The Bankruptcy Code says “consumer debt” is debt “incurred by an individual primarily for a personal, family, or household purpose.” (Emphasis added.) The distinction is on the purpose for which you initially incurred the debt, regardless that the debt might otherwise seem like a consumer debt. Small business owners often finance at least some of their start-up and ongoing operational costs through their consumer credit—credit cards, home equity lines of credit and such. So these might nevertheless qualify as non-consumer debts in calculating whether you have “primarily consumer debts.”

After adding up your debts which are and which are not consumer debts, if the total of those that are not “consumer debts” is larger than the total for those that are “consumer debts,” then you do not owe “primarily consumer debts.” You can skip the “means test.”

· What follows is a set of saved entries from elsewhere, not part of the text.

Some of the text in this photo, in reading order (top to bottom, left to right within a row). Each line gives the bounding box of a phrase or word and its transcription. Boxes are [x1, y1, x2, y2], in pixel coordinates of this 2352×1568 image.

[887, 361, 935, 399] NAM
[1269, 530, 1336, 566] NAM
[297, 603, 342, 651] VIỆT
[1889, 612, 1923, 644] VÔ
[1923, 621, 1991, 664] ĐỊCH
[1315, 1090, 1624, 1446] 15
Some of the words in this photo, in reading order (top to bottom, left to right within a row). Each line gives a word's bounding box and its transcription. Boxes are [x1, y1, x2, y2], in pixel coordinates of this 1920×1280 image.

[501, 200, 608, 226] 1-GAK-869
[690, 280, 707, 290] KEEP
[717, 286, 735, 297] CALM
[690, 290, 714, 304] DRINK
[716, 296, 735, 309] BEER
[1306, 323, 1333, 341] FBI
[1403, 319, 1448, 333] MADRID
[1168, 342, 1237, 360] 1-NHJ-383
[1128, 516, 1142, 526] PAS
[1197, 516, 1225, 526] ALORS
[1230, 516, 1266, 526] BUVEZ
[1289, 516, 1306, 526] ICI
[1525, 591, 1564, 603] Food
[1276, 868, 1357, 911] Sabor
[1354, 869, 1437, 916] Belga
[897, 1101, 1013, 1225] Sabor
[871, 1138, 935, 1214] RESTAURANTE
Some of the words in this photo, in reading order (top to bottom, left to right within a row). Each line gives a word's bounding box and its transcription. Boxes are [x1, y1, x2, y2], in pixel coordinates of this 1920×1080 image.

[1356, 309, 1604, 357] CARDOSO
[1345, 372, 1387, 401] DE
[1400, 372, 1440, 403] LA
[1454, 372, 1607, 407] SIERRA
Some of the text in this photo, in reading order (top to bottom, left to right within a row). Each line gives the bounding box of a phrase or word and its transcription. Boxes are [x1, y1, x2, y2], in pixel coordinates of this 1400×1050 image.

Don and Debra’s Bankruptcy

After 30 years fighting Home Depot and Lowe’s, Don closed his independent hardware store, owing a heck of a lot of business and personal debt. His wife, Debra, had for years been working as a buyer for national grocery store, so she had a decent and steady income, which had kept the couple afloat during the last decade or so as the profits from Don’s store kept dwindling lower and lower. Don finally threw in the towel six months ago when he was offered and he accepted a job as a manager for the Ace Hardware store in the next town. The pay isn’t great, but since his health isn’t good and it’s not hard work, he knew it was the best he could do. Don and Debra are both approaching retirement age. They need to get their financial lives in order as best and as quickly as they can.

Don and Debra’s new combined income is higher than the “median income” for a family of two in Oregon (currently $57,182). Since their expenses are relatively modest, after their attorney ran the numbers they did not pass the “means test,” based on the way “allowed expenses” and “disposable income” and the rest of the “means test” is calculated. It looked like they would have to go through a Chapter 13 case instead of getting the fast financial fresh start of a Chapter 7 case that their circumstances cried out for. They had no self-interested reason to do a Chapter 13 case—none of its many potential benefits would have done them any good. Instead it would have tied up financial lives for the next 5 years.

But their attorney added up all of their consumer debts and all of their business debts to find out that the latter were substantially higher. So Don and Debra were able to file a Chapter 7 case after all. A few months later all the business and personal debts that they needed to discharge were gone. So they could move on with their lives and prepare for their retirement years without being burdened by the debts from Don’s failed business.